この改定案について「国民的な議論が十分につくされることを期待」という立場ではなく、県として明確に反対の意思を示すこと。
(2)学校間の序列化をいっそうすすめ、地域に開かれた教育とは矛盾する県立高校普通科通学区域の県内一円化はしないこと。
IV 農業振興に関する県独自策について
品目横断対策への加入申請受付が1日から始まり、農民は重い表情でこの施策を見つめている、と聞きます。

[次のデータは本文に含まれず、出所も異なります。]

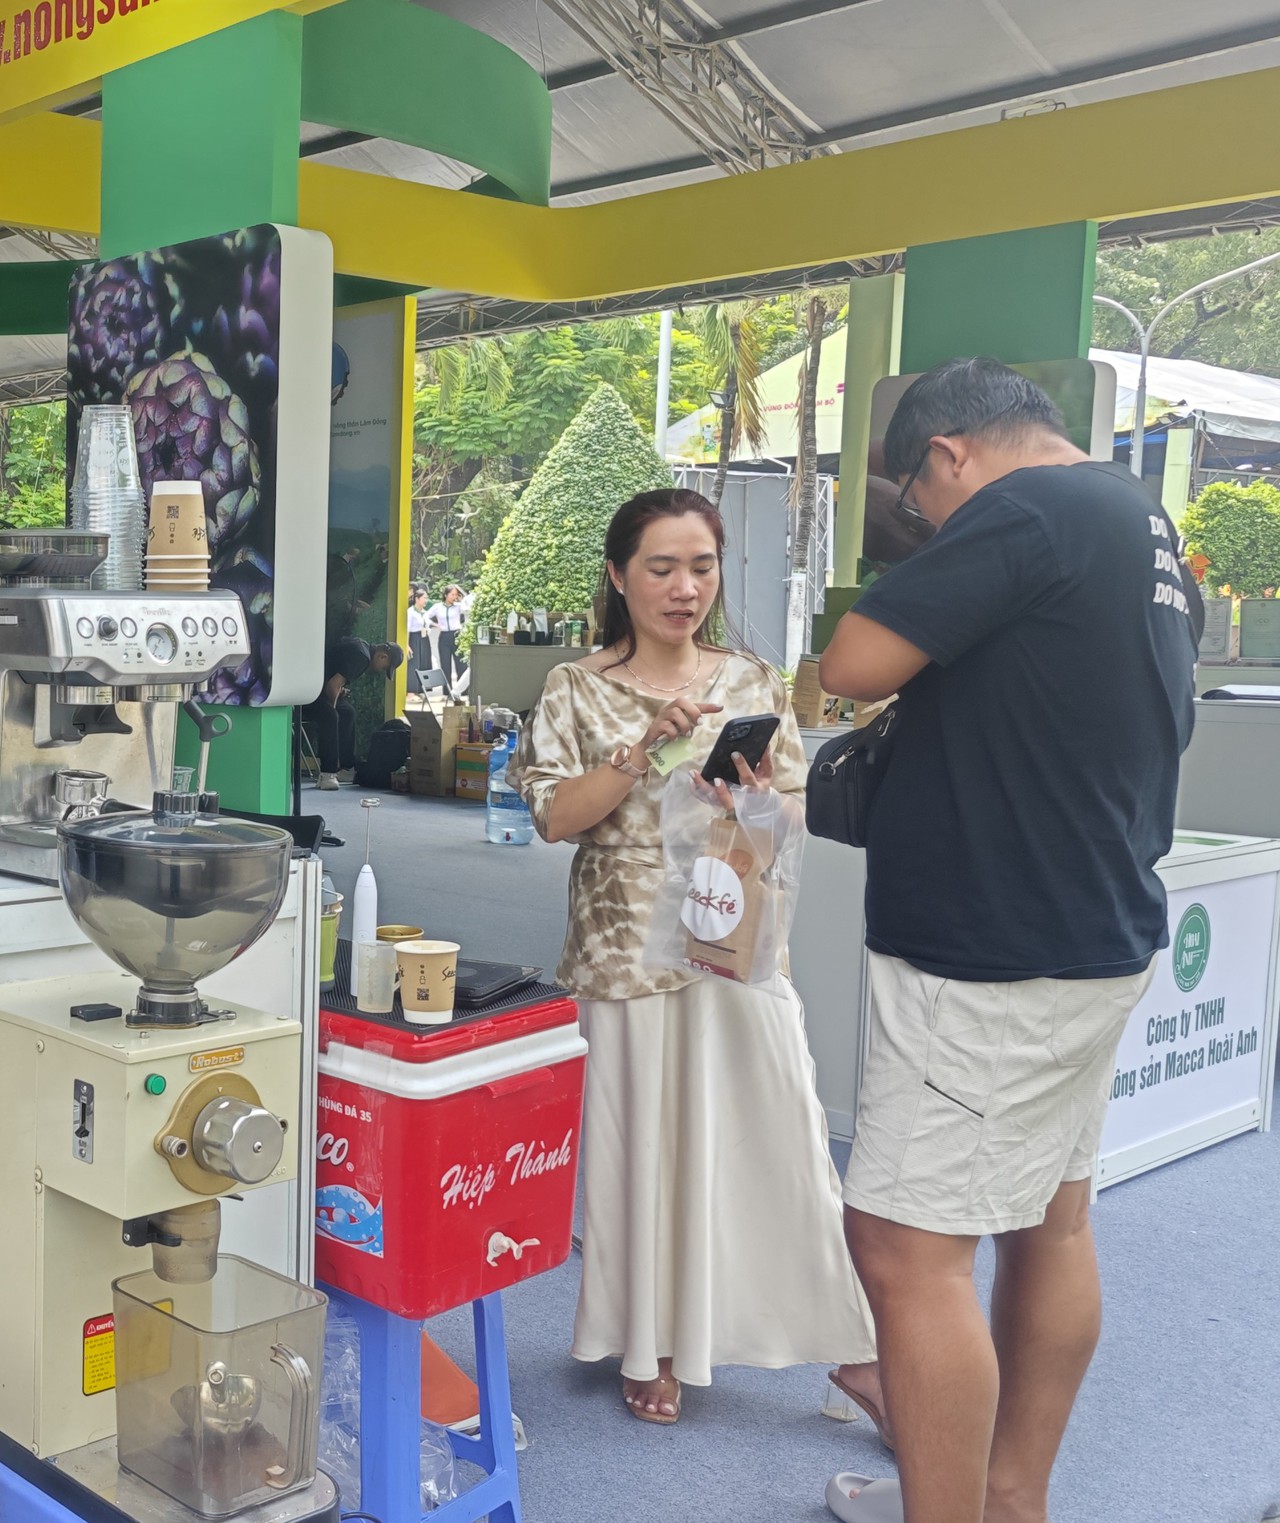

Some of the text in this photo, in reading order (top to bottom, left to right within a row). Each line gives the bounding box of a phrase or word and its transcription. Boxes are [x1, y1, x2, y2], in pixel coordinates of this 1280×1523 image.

多様な農産品をつくり、地産地消を柱に自給率の向上を図るため、力をあわせ、農業と集落を守ろうとする農民すべてが希望をもって働き続けられる積極的支援を求めます。
(1)「品目横断的経営安定対策」では、地域の生産を守ることを最優先に、小規模でもがんばっている農家や集落が対象となるよう県としての弾力的対応をとること。
(2)地域の条件をふまえ、生産の拡大、加工、販路の確保など、農家と集落の生活と生産、経済基盤を県として積極的・主体的に支援すること。
(3)農家に対する価格・所得保障を充実させること。
V 原発行政について
老朽原発酷使策が国によって強引に進められるもと、原子力政策を安全優先の立場で見直させることは住民の安心・安全にとってきっきんの課題です。
(1)復水から補給水系へ放射性物質が流れ込んだり、計器の誤設定が相次いで明らかになり、なかには30年間も放置されていたり、再循環系配管のひびが見逃されたり、制御棒のひびが次つぎと見つかったり、老朽原発酷使による事故があとを断たず、およそ「維持基準」の議論以前の問題であり、「維持基準」導入には同意しないこと。
(2)「プルサーマル」は、モックス燃料使用による大量の高レベル放射性元素の生成や大量の放射線の放出によって現状の老朽原発の危険を増幅させること、原子炉事故による放射能放出の影響は計り知れないこと、そもそも実証試験なしにいきなり商業用老朽原発で実施しようとしていること、使用済みモックス燃料の処分方法すら決まっていないことなど、モックス燃料を使う原子炉の安全性への疑問、核燃料サイクルのうえでの技術的困難に対する疑問になんら応えない計画であることを県としても明らかにし、その導入を認めない姿勢を堅持すること。
(3)事業者まかせになっている老朽原発の「廃炉」について、県が提起すること。
VI 防災施策の促進について
(1)学校施設、とりわけ公立小中学校の耐震改修について、市町村まかせにせず、県自身の問題として計画的に早急に進めること。
(2)主要地方道いわき石川線の土砂くずれの教訓にたち、局地的な集中豪雨などによる土砂災害・道路災害の危険個所を総点検し、優先的に整備を図ること。トラハイを優先させる必要はない。